§ Your goal: A faithful, complete transcript of the entries below, without pictures, should be returned.

(Saved data entries)
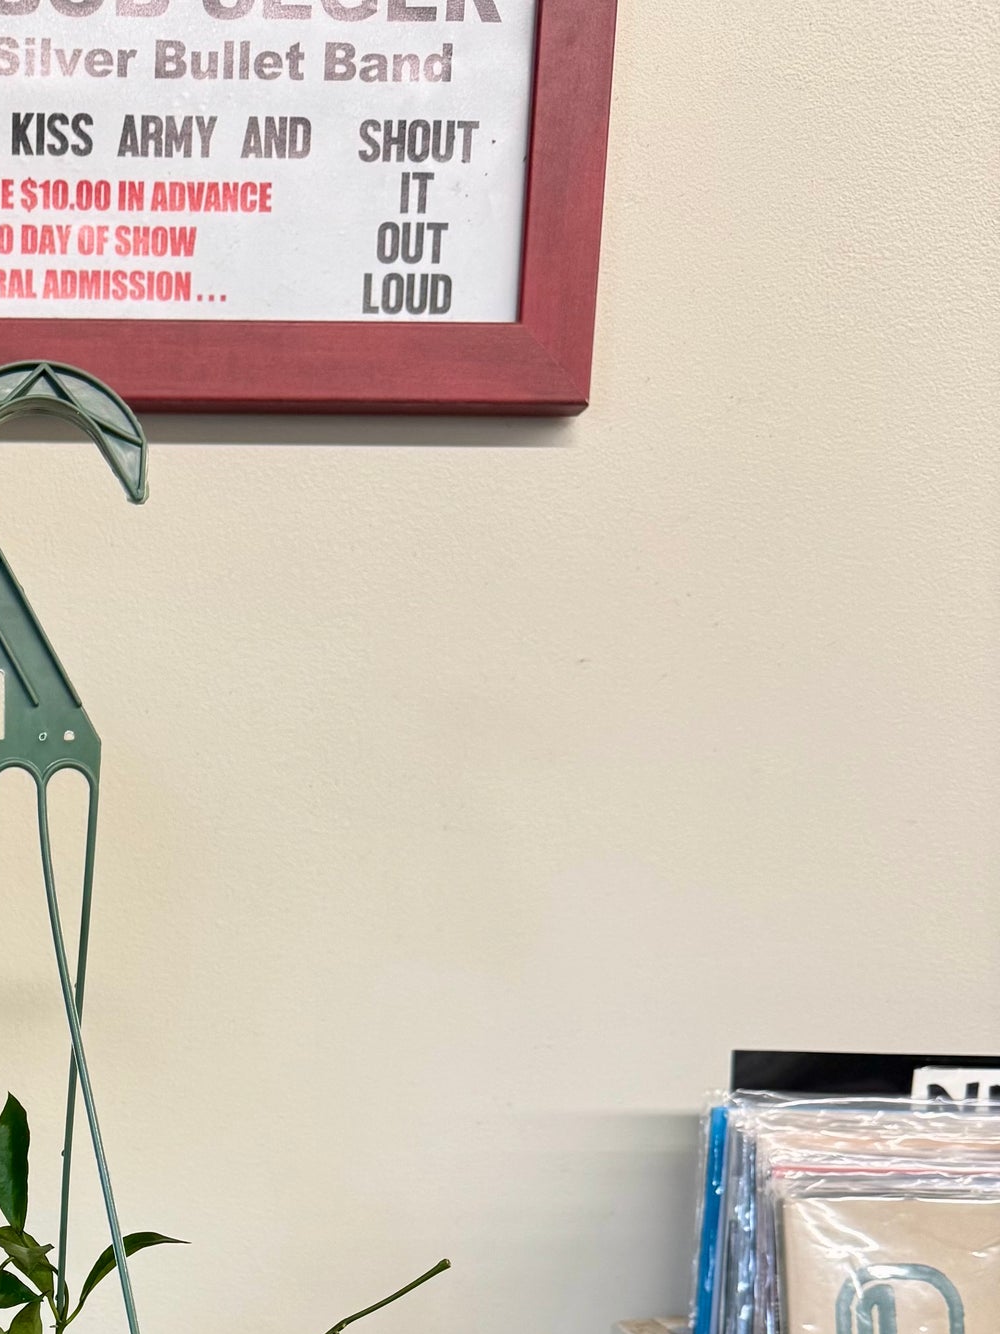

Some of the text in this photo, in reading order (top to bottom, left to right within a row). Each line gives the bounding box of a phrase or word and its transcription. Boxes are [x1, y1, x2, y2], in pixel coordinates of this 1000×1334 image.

[155, 39, 304, 81] Bullet
[324, 41, 453, 82] Band
[12, 112, 93, 156] KISS
[117, 114, 217, 158] ARMY
[241, 116, 311, 159] AND
[358, 119, 479, 163] SHOUT
[20, 178, 111, 212] $10.00
[118, 180, 144, 211] IN
[152, 181, 273, 213] ADVANCE
[400, 172, 434, 214] IT
[21, 225, 71, 256] DAY
[77, 226, 109, 256] OF
[115, 226, 197, 257] SHOW
[376, 221, 449, 264] OUT
[362, 272, 452, 315] LOUD
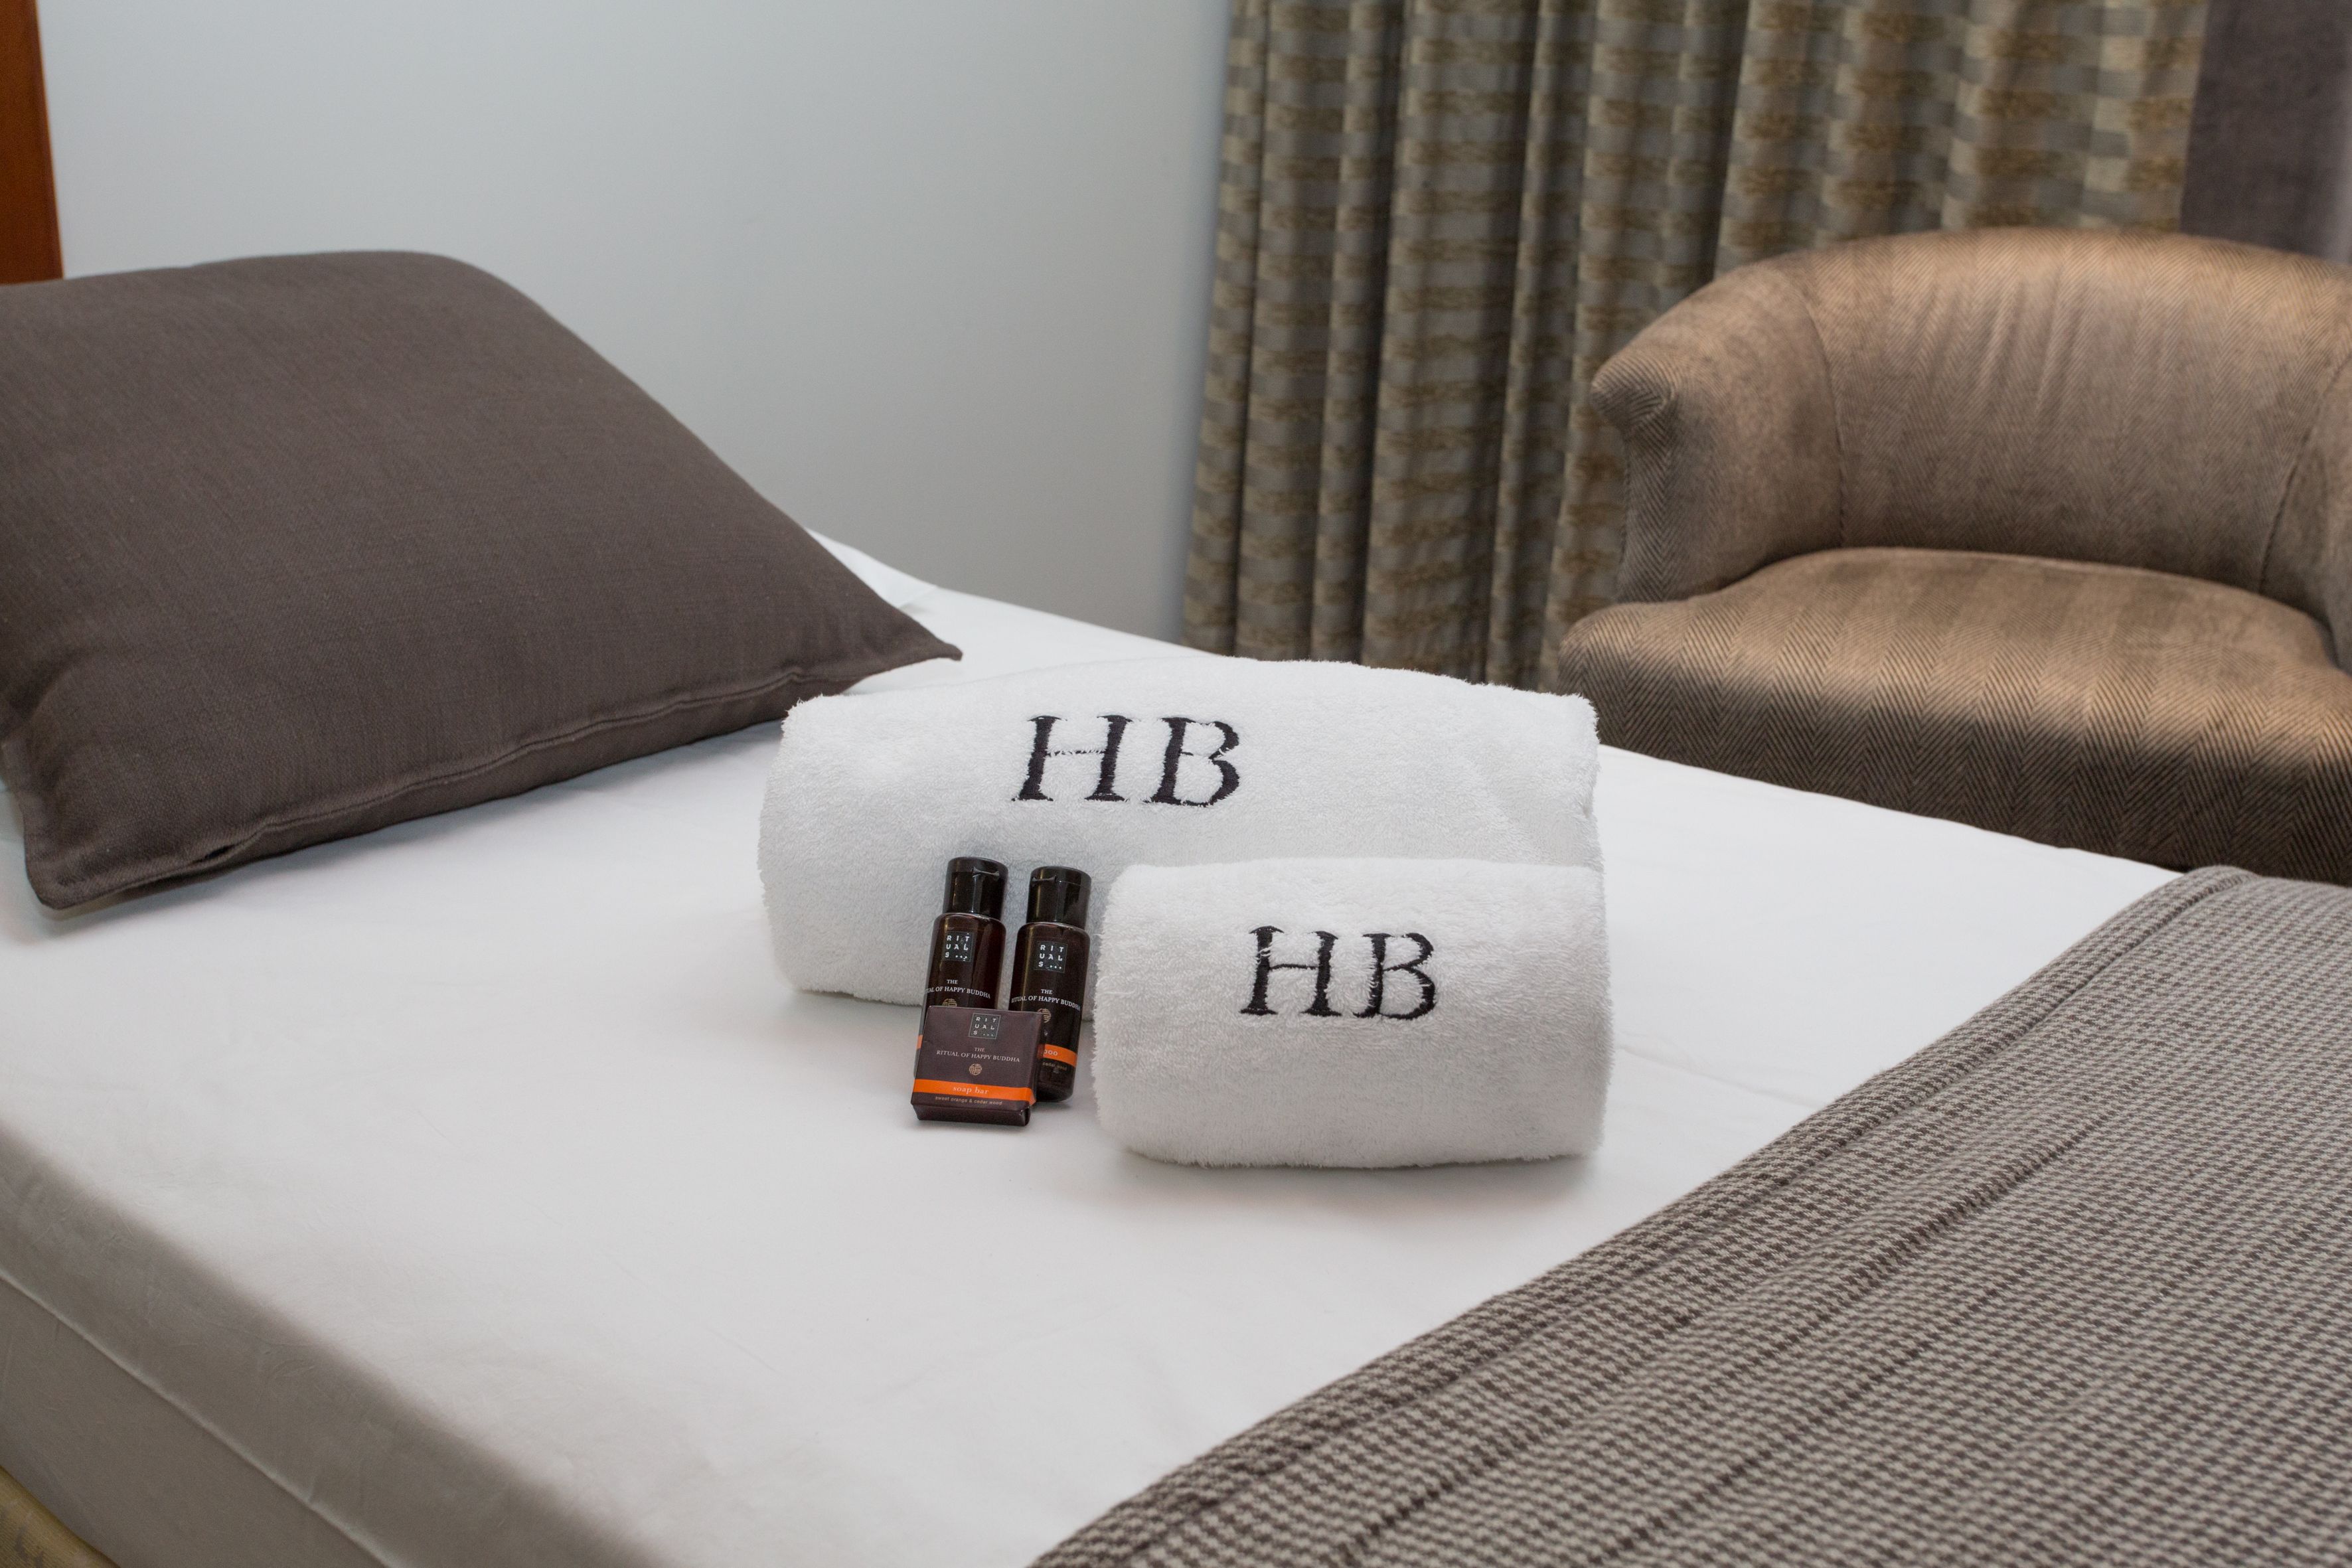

§ Reply to the task:
Some of the text in this photo, in reading order (top to bottom, left to right within a row). Each line gives the bounding box of a phrase or word and its transcription. Boxes are [x1, y1, x2, y2], in pixel coordinates of this 1000×1334 image.

[155, 39, 304, 81] Bullet
[324, 41, 453, 82] Band
[12, 112, 93, 156] KISS
[117, 114, 217, 158] ARMY
[241, 116, 311, 159] AND
[358, 119, 479, 163] SHOUT
[20, 178, 111, 212] $10.00
[118, 180, 144, 211] IN
[152, 181, 273, 213] ADVANCE
[400, 172, 434, 214] IT
[21, 225, 71, 256] DAY
[77, 226, 109, 256] OF
[115, 226, 197, 257] SHOW
[376, 221, 449, 264] OUT
[362, 272, 452, 315] LOUD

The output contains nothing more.